● **About this task**
Print all entries precisely as they are written.

START Source information

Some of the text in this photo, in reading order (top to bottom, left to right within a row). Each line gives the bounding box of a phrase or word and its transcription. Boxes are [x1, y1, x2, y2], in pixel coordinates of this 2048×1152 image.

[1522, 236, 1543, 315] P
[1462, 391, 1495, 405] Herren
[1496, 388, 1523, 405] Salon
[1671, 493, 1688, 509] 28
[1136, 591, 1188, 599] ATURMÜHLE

END Source information

● **Output for this task**
Some of the text in this photo, in reading order (top to bottom, left to right within a row). Each line gives the bounding box of a phrase or word and its transcription. Boxes are [x1, y1, x2, y2], in pixel coordinates of this 2048×1152 image.

[1522, 236, 1543, 315] P
[1462, 391, 1495, 405] Herren
[1496, 388, 1523, 405] Salon
[1671, 493, 1688, 509] 28
[1136, 591, 1188, 599] ATURMÜHLE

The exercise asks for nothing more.